EXERCISE REQUIREMENTS
When the line with "this 1422×1280 image." comes up, set it down and every later line to the end of the data, exactly and without pictures.

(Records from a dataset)
◆ ◆ ◆

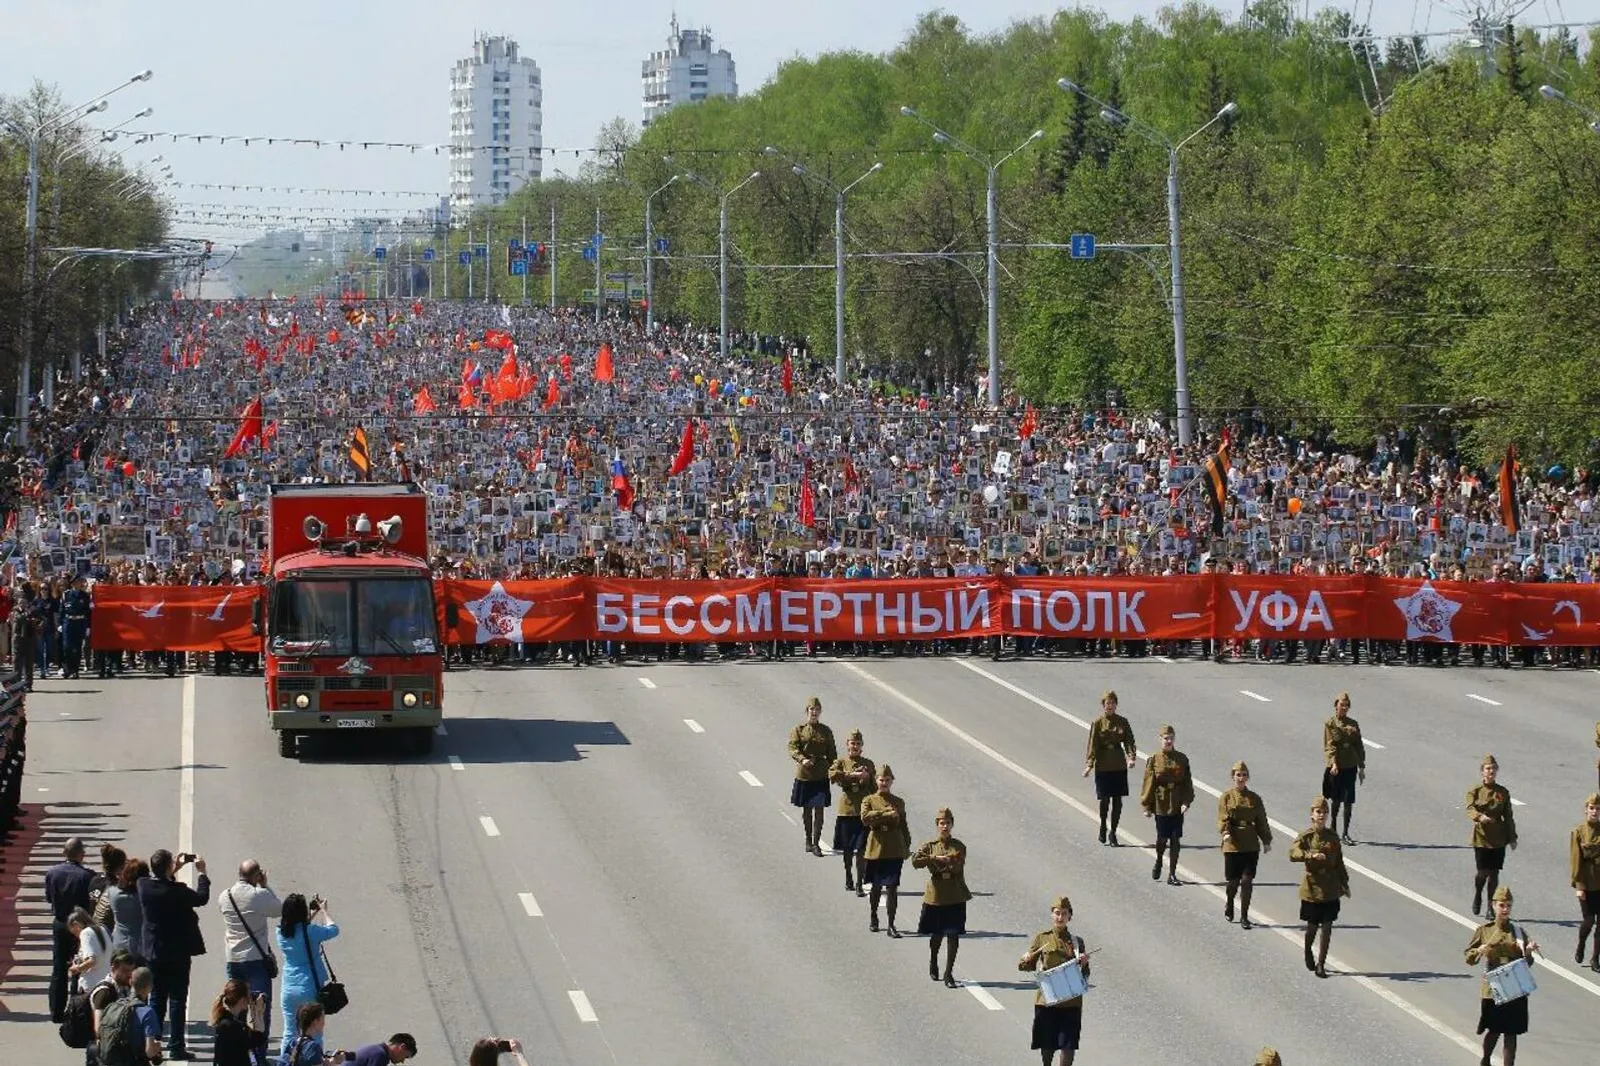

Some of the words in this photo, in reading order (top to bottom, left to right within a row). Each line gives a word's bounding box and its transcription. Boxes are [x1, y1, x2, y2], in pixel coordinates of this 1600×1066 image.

[595, 582, 991, 634] БЕССМЕРТНЫЙ
[1011, 589, 1146, 633] ПОЛК
[1229, 589, 1334, 632] УФА
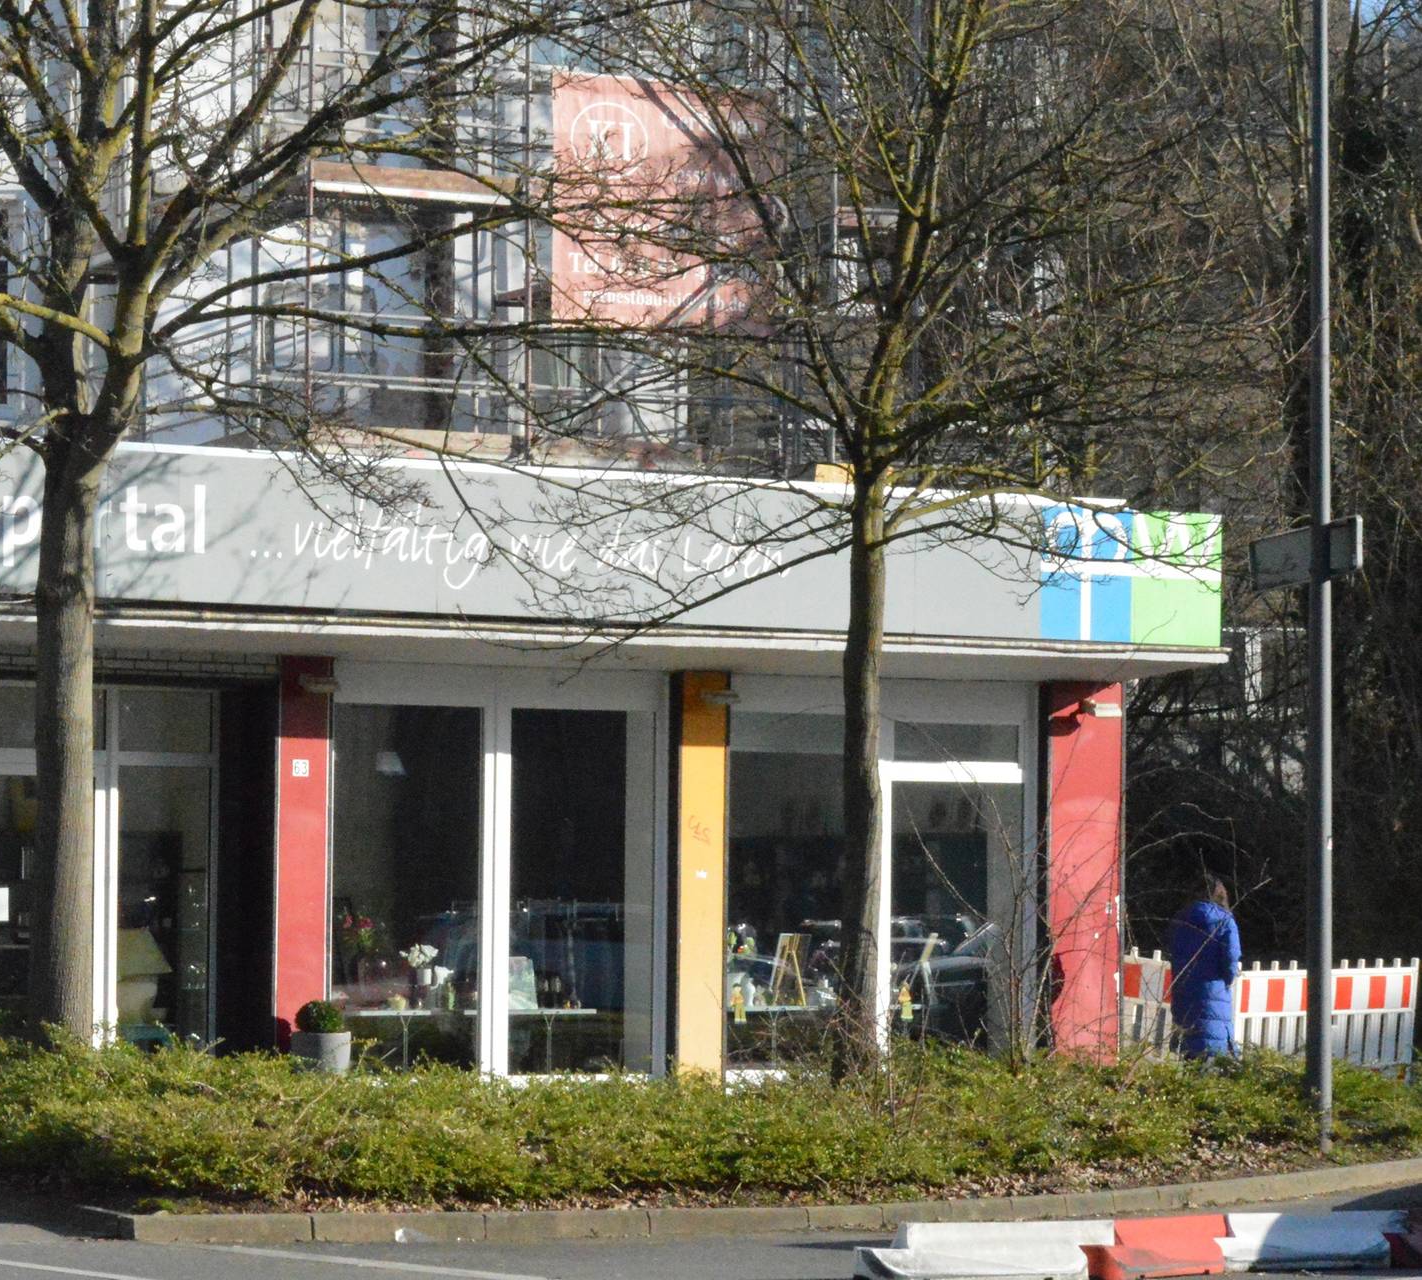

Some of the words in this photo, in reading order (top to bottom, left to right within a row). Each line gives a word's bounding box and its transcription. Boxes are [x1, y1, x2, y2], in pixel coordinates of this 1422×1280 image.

[509, 533, 579, 573] wie
[596, 521, 662, 576] das
[683, 515, 792, 579] Leben
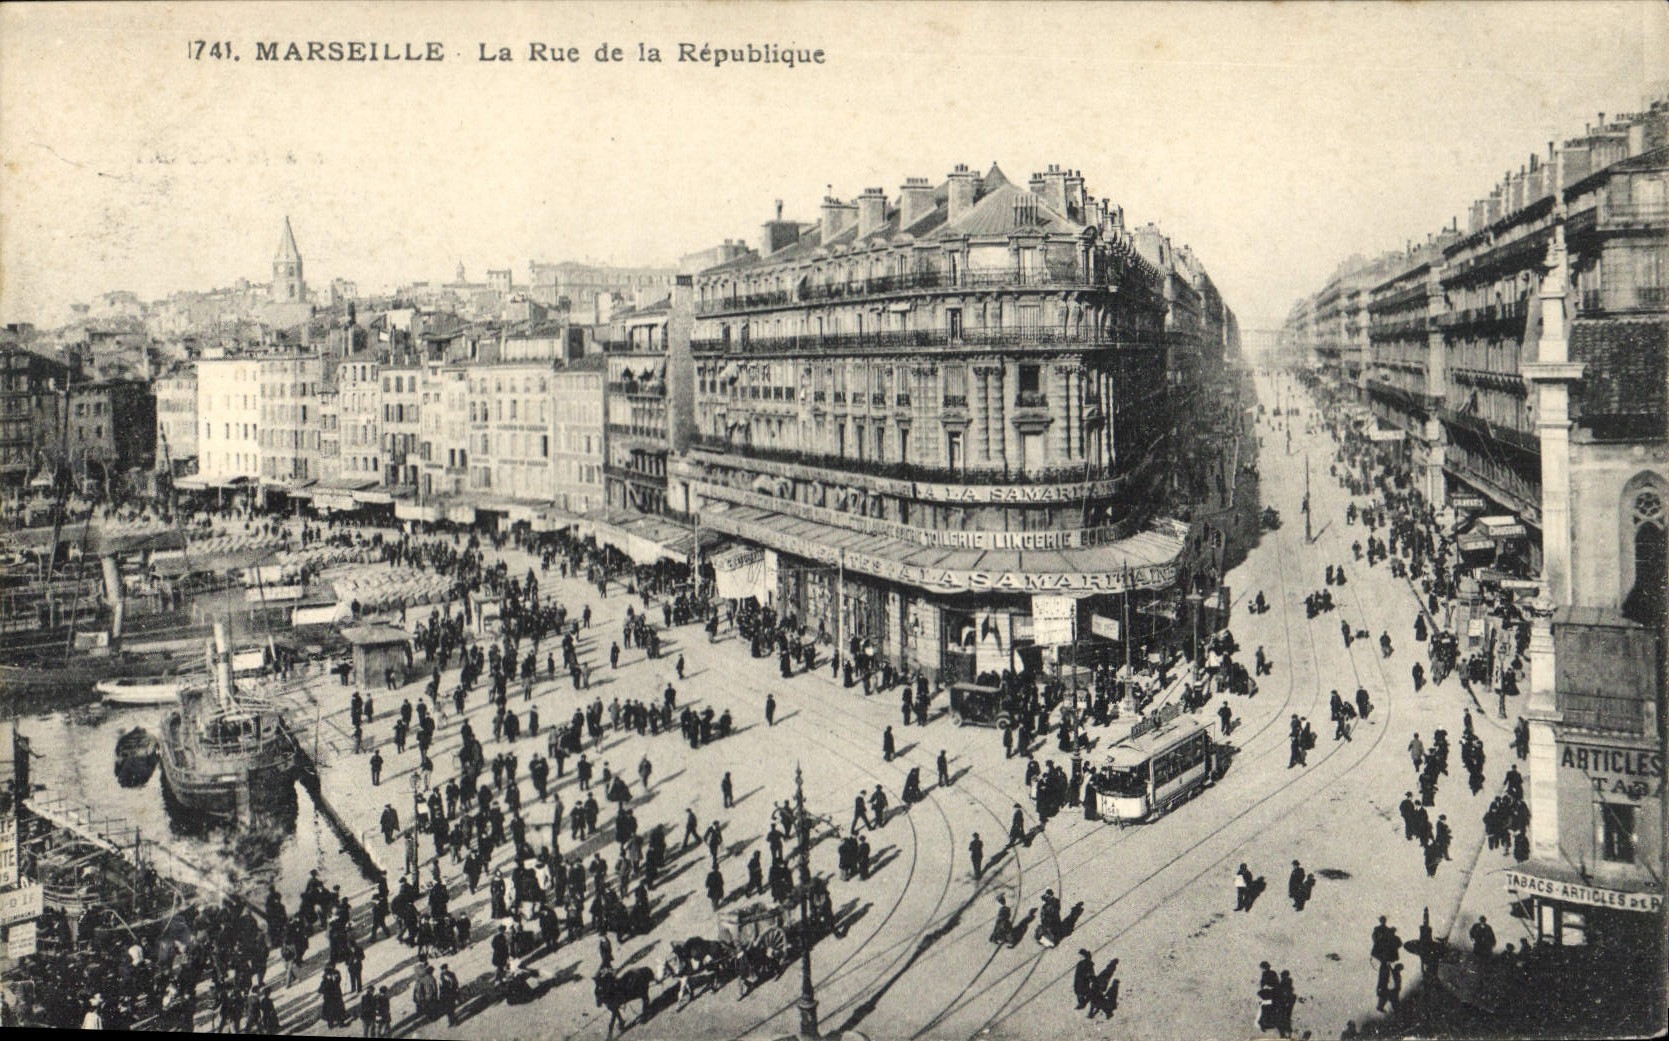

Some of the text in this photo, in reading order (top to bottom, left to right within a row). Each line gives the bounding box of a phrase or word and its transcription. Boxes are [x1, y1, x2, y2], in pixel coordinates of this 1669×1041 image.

◆ ◆ ◆

RESPONSE TO THE TASK
Some of the words in this photo, in reading order (top to bottom, left to right within a row). Each line gives a word's bounding box and its transcription. Boxes are [x1, y1, x2, y2], in pixel coordinates of this 1422×1280 image.

[509, 533, 579, 573] wie
[596, 521, 662, 576] das
[683, 515, 792, 579] Leben

Some of the text in this photo, in reading order (top to bottom, left to right within a row). Each line gives the bounding box of a phrase or word and its transcription. Boxes are [x1, y1, x2, y2], in pixel coordinates of this 1669×1041 image.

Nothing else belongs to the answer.